Sławomir Mentzen: W tej chwili jestem faworytem wyborów ...
Mentzena, kandydata Konfederacji na prezydenta w wyborach, które odbędą się wiosną 2025 roku zapytano, czy ogłoszenie przez niego w weekend, że będzie startował w wyborach prezydenckich, nie było przedwczesne.
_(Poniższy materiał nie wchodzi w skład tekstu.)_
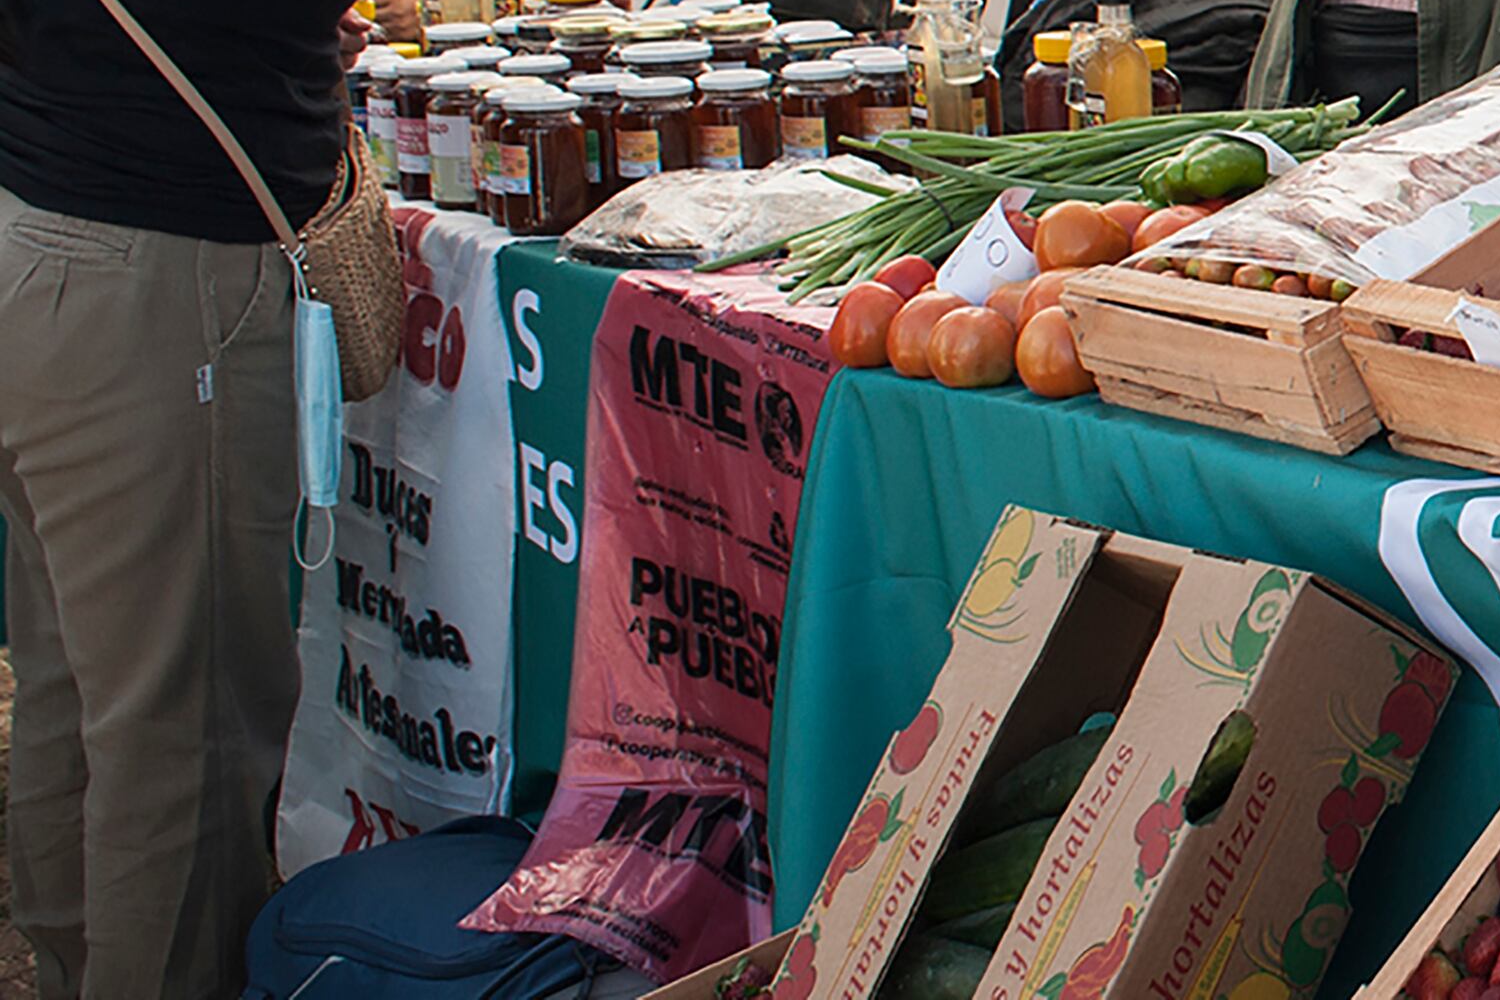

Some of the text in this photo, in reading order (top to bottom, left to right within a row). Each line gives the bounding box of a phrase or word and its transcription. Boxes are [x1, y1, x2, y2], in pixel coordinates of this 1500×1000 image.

[629, 323, 748, 441] MTE
[628, 615, 645, 635] A
[926, 709, 997, 828] Frutas
[908, 833, 928, 863] y
[1004, 743, 1134, 981] y hortalizas
[1148, 770, 1278, 1000] hortalizas
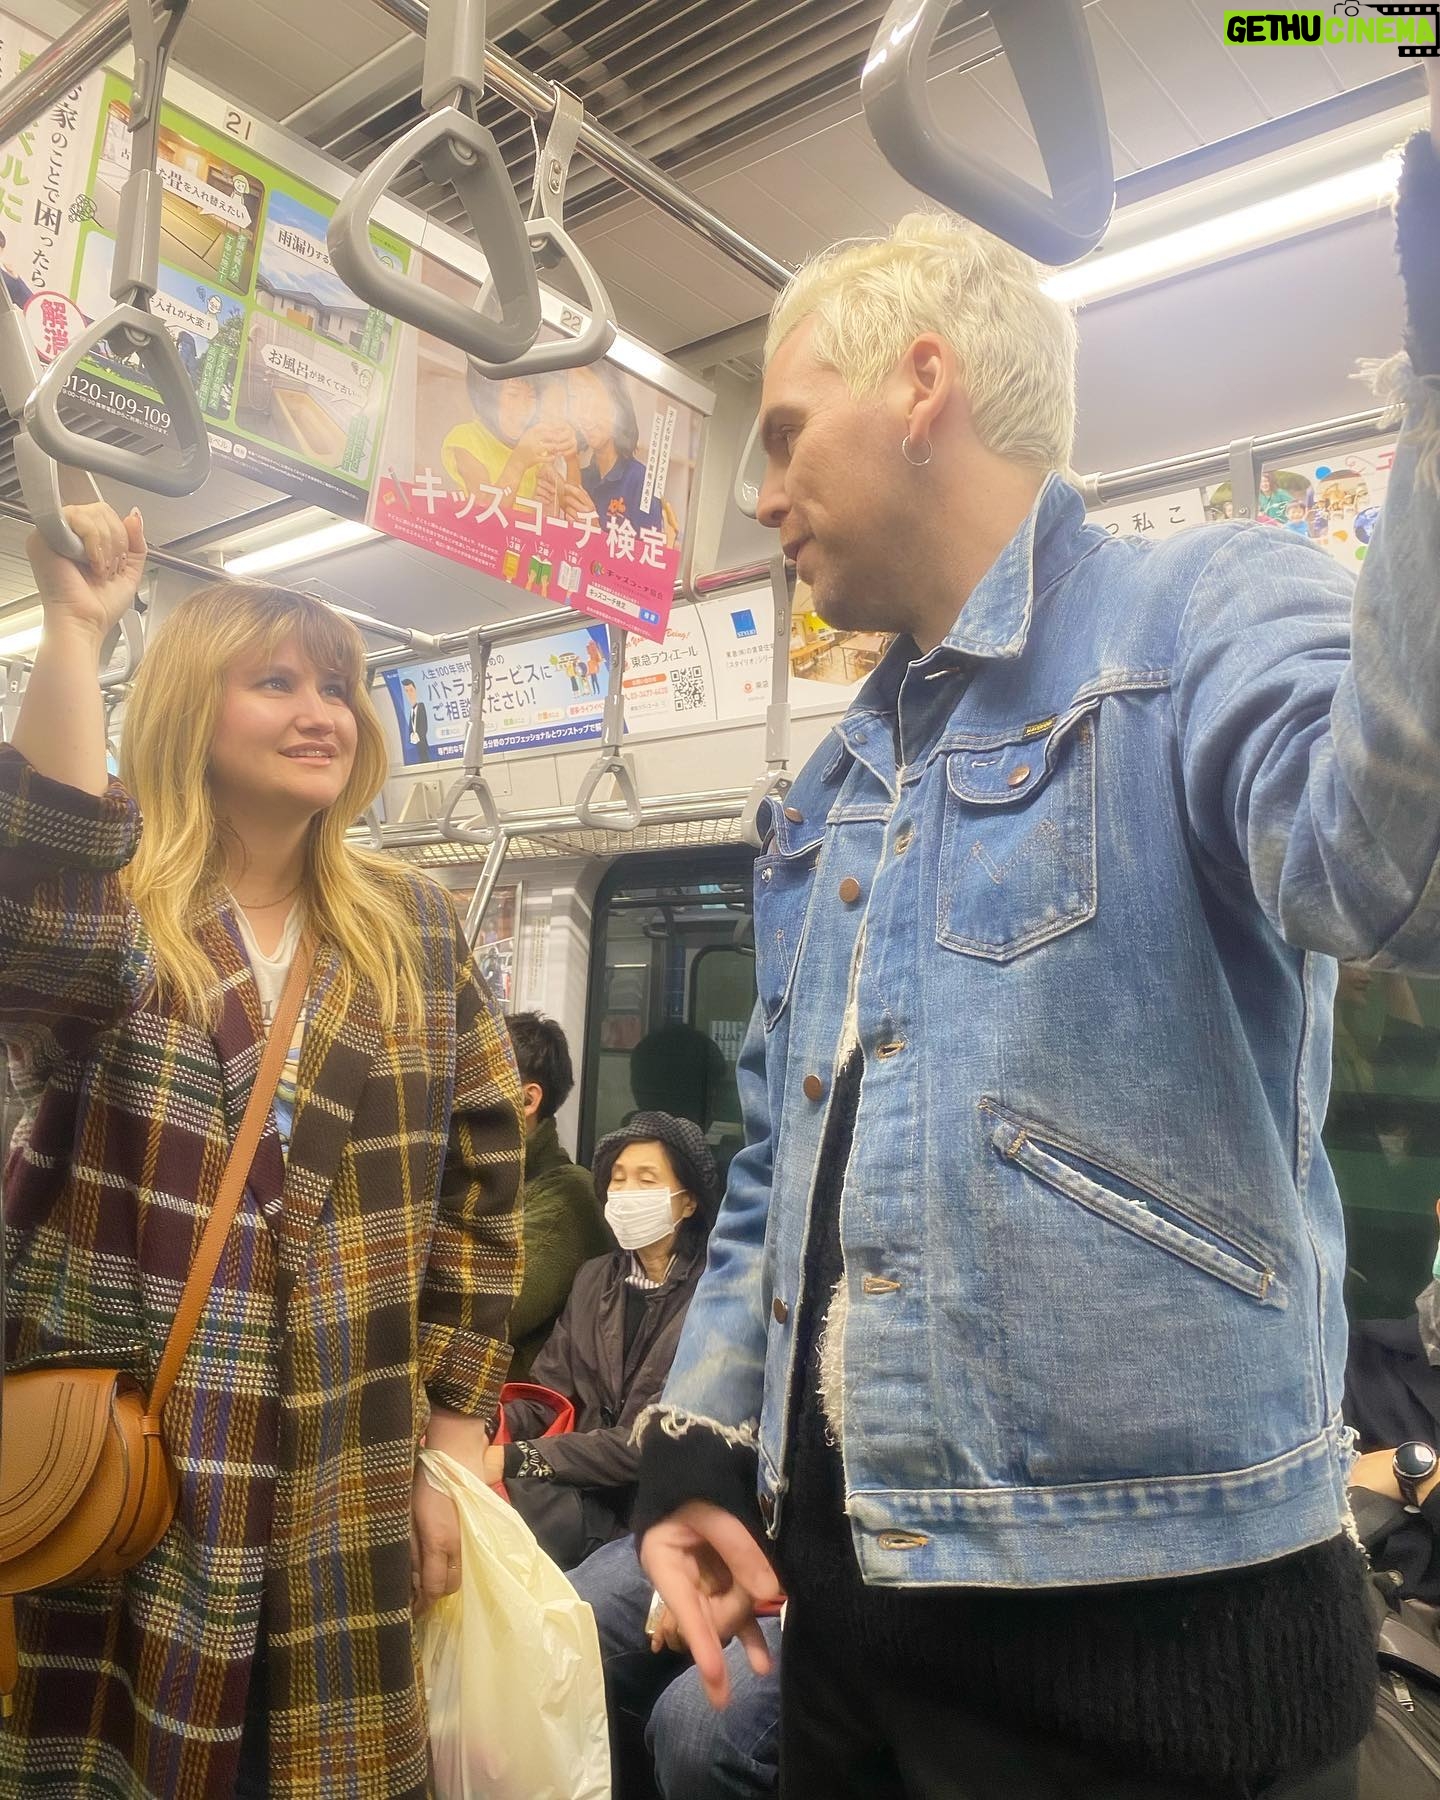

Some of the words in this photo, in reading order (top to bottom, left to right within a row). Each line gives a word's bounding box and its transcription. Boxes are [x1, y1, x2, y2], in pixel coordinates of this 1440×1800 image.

- Ja boję się tego, aby myśleć i robić dokładnie tak jak inni. Gdybym zachowywał się i prowadził kampanię tak jak wszyscy moi konkurenci, to wygrałby ten, który ma największe zasoby. A ja ich największych oczywiście nie mam. Dlatego zarówno w biznesie, jak i w polityce, trzeba myśleć i zachowywać się inaczej niż konkurencja. Trzeba się wyróżnić. W tym momencie jako jedyny prowadzę kampanię wyborczą, jestem jedynym zgłoszonym kandydatem. Nawet nie kampanię wyborczą. Przejęzyczyłem się. Z mocy prawa nie mogę prowadzić kampanii wyborczej. Jako jedyny w tej chwili prowadzę swoją kampanię, jako jedyny zasygnalizowałem, że chcę być prezydentem, w związku z czym na razie jestem faworytem, nie ma w tym momencie innych konkurentów, dzięki temu mogę się wyróżnić - wyjaśnił.
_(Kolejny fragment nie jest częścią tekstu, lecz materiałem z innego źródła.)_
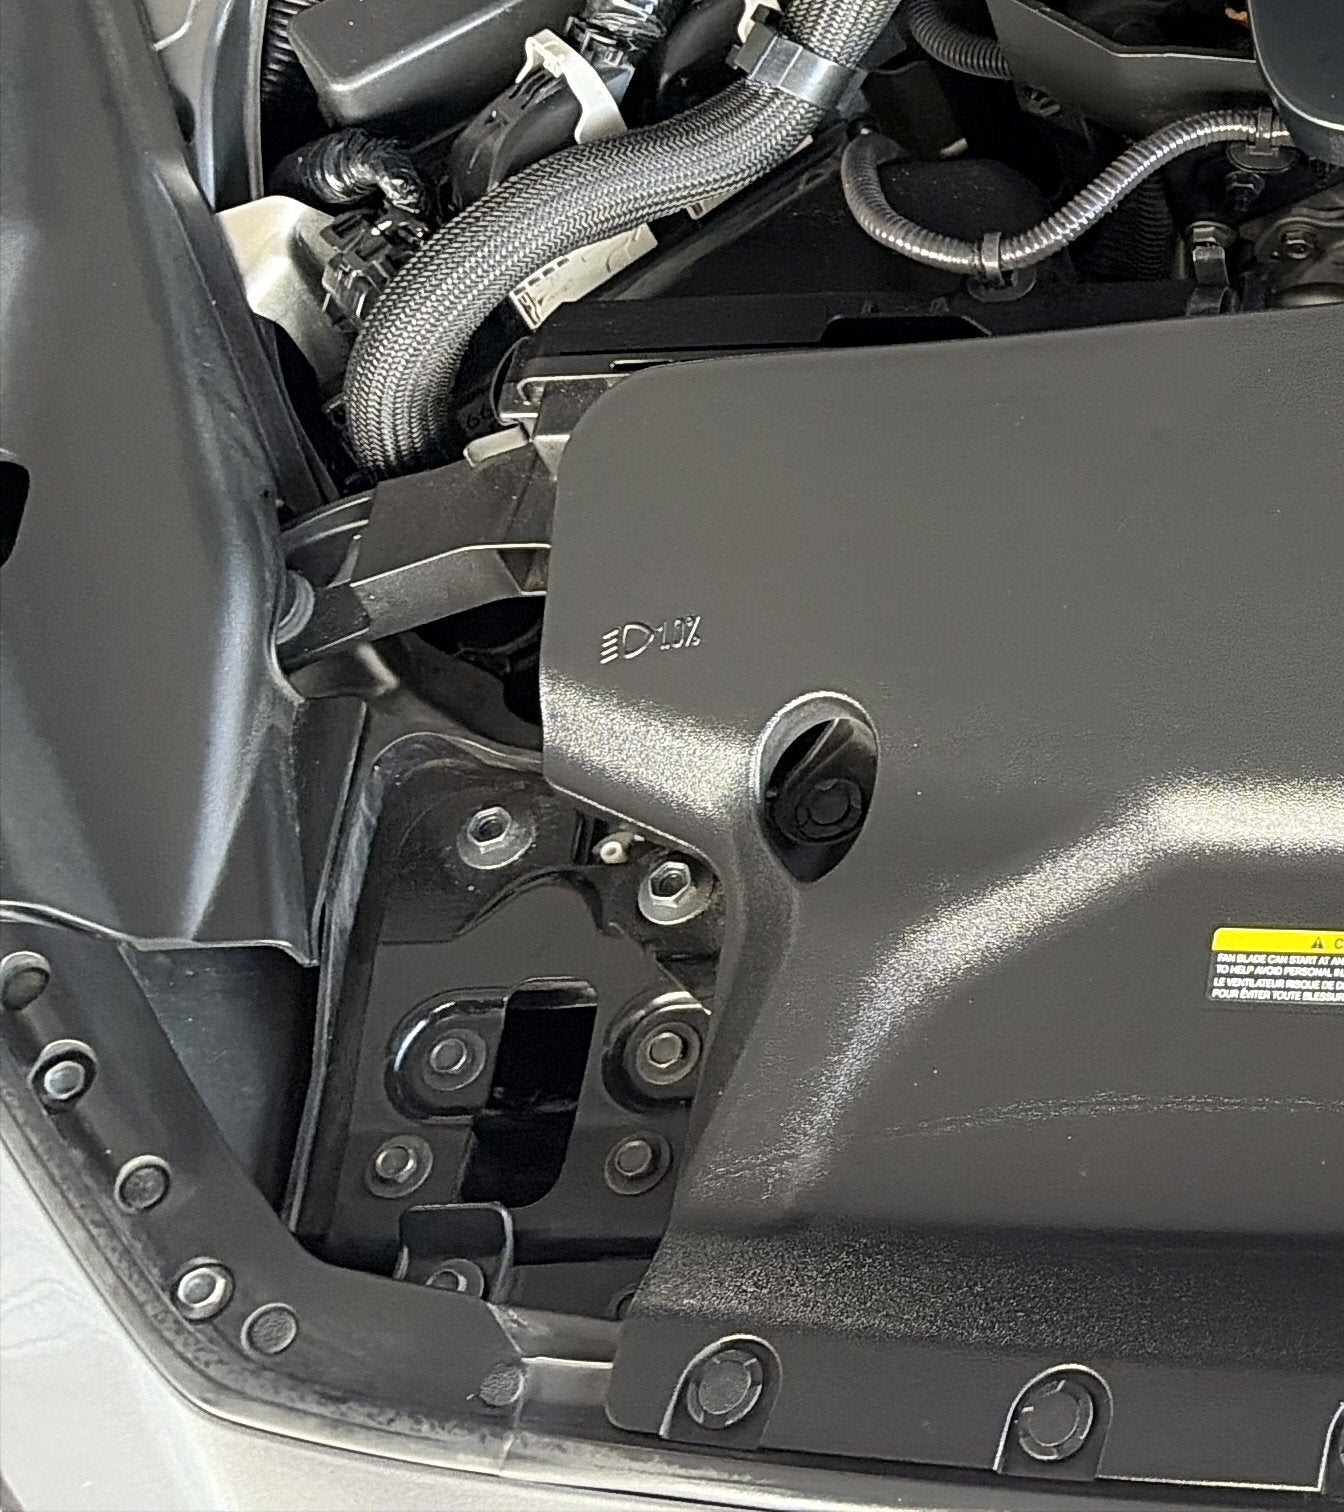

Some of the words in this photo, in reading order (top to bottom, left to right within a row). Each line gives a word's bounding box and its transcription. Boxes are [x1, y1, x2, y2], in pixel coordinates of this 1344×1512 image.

[1217, 953, 1236, 963] FAN
[1236, 953, 1267, 964] BLADE
[1267, 954, 1288, 964] CAN
[1288, 955, 1317, 965] START
[1318, 956, 1330, 965] AT
[1216, 964, 1230, 974] TO
[1230, 965, 1254, 975] HELP
[1254, 966, 1283, 976] AVOID
[1283, 966, 1333, 978] PERSONAL
[1213, 977, 1226, 987] LE
[1226, 977, 1285, 989] VENTILATEUR
[1285, 979, 1321, 989] RISQUE
[1321, 980, 1335, 990] DE
[1211, 988, 1240, 999] POUR
[1239, 987, 1272, 1000] ÉVITER
[1271, 990, 1302, 1000] TOUTE
Sławomir Mentzen, lider Nowej Nadziei
- W tym momencie jestem jedyny i mogę jako jedyny prowadzić jakąkolwiek kampanię. Jest to finansowane z moich środków, bo nie mogę prowadzić kampanii wyborczej. Mojej kampanii ogólnej, niewyborczej, nie muszę z nikim rozliczać. W tej chwili trwa moja kampania niewyborcza – mówił też Mentzen.
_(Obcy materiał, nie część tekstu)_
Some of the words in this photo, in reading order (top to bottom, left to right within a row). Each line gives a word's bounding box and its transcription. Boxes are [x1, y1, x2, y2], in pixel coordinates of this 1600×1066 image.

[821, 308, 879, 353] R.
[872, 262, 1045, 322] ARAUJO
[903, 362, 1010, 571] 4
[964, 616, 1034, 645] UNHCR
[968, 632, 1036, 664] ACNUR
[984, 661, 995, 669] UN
- Jeśli wywieszam wielki baner na całą ścianę wieżowca w Warszawie, gdzie jest napisane Mentzen 2025, to nie wiadomo, co to jest. To może być reklama mojej twarzy, reklama mojej spółki, reklama mojego nowego produktu, albo nowego projektu, którego jeszcze nie ogłosiłem – zauważył prezes Nowej Nadziei.